Will all this work? Any critique, or advice would be *greatly* appreciated.

Thank you!

--Chris


----------



## getopt (Mar 27, 2015)

I do use both Poudriere and Ezjail, but I don't really get your point.
Managing 50 ports is almost nothing. But on how many boxes do you need to deploy? 

Poudriere is great for building and deploying ports, I did never regret having set it up. It's fun doing this and setting up a local webserver (i.E Nginx) for the repository. So I came to a local wiki running on that too. 

A jail for doing buildworld and kernels is needed only if you want to crossbuild for different archs. The clients nfs-mount the builds and install it. If you do not need to build for other archs you do not need a jail (jails need maintenance too).


----------



## kpa (Mar 28, 2015)

Poudriere is not even designed to do what you want which is building world and kernel in a jail for installing them on a real host or in another jail. All it can do is to create a jails for just ports building and it's limited to doing just that.


----------



## Chris_H (Mar 29, 2015)

Thanks for the replies, getopt, kpa.
As to ports-mgmt/poudriere, and sysutils/ezjail; I don't want the abstraction, nor the need to follow the rules that they impose _beyond_ that of a jail(8).
@ getopt:
I maintain the the _entire_ ports(7) tree. I am _Maintainer_ for 50 ports(7) (and counting). The jail(8)(s) will be built for deployment, as well as for the testing, and the maintaining of the ports(7) I Maintain.
@ All;
In short; I want to _learn_ to build a jail(7) from scratch, for these purposes. When attempting to do so. I was still left with a couple of questions. Which I attempted to articulate, above.
More specifically; with setting up the _network_. The box I use has a front-facing network (inet) address (routable internet address), and the jail(7)s will still need to access the internet _soley_ for the purposes of obtaining src, && ports trees.

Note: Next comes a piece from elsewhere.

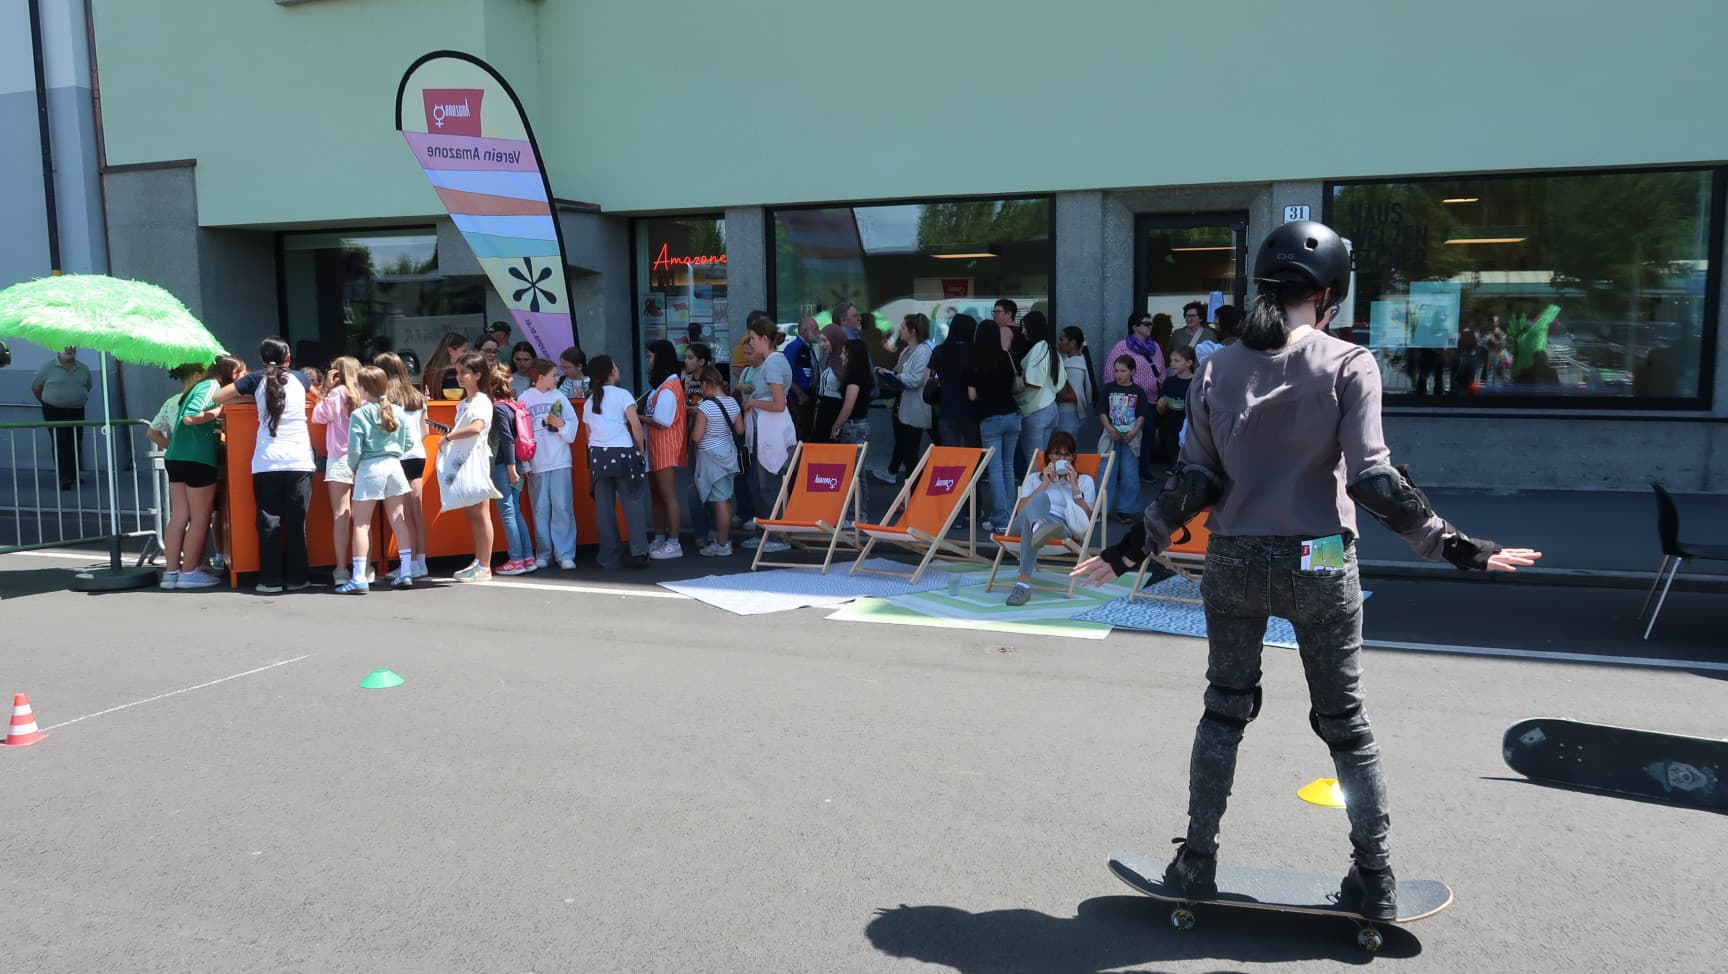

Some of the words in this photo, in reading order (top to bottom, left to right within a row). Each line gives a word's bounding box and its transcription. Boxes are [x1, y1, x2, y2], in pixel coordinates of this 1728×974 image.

Thanks again getopt, and kpa, for taking the time to reply.

--Chris


----------



## sidetone (Mar 29, 2015)

Plain jail(7) was complicated and difficult to get the same configuration consistently to me. Perhaps scripts will help you maintain repeatability (getting the same configuration and results consistently) there.

There is a small chapter in the book 'Network Administration with FreeBSD 7' about jails(7). It doesn't have anything on sysutils/ezjail, but I used if for that purpose. There aren't many newer FreeBSD books out there.

Jail uses `setenv D`, `chroot`, mounting the jail's devfs. `sockstat -4l` can help find which ip addresses to link to the jail.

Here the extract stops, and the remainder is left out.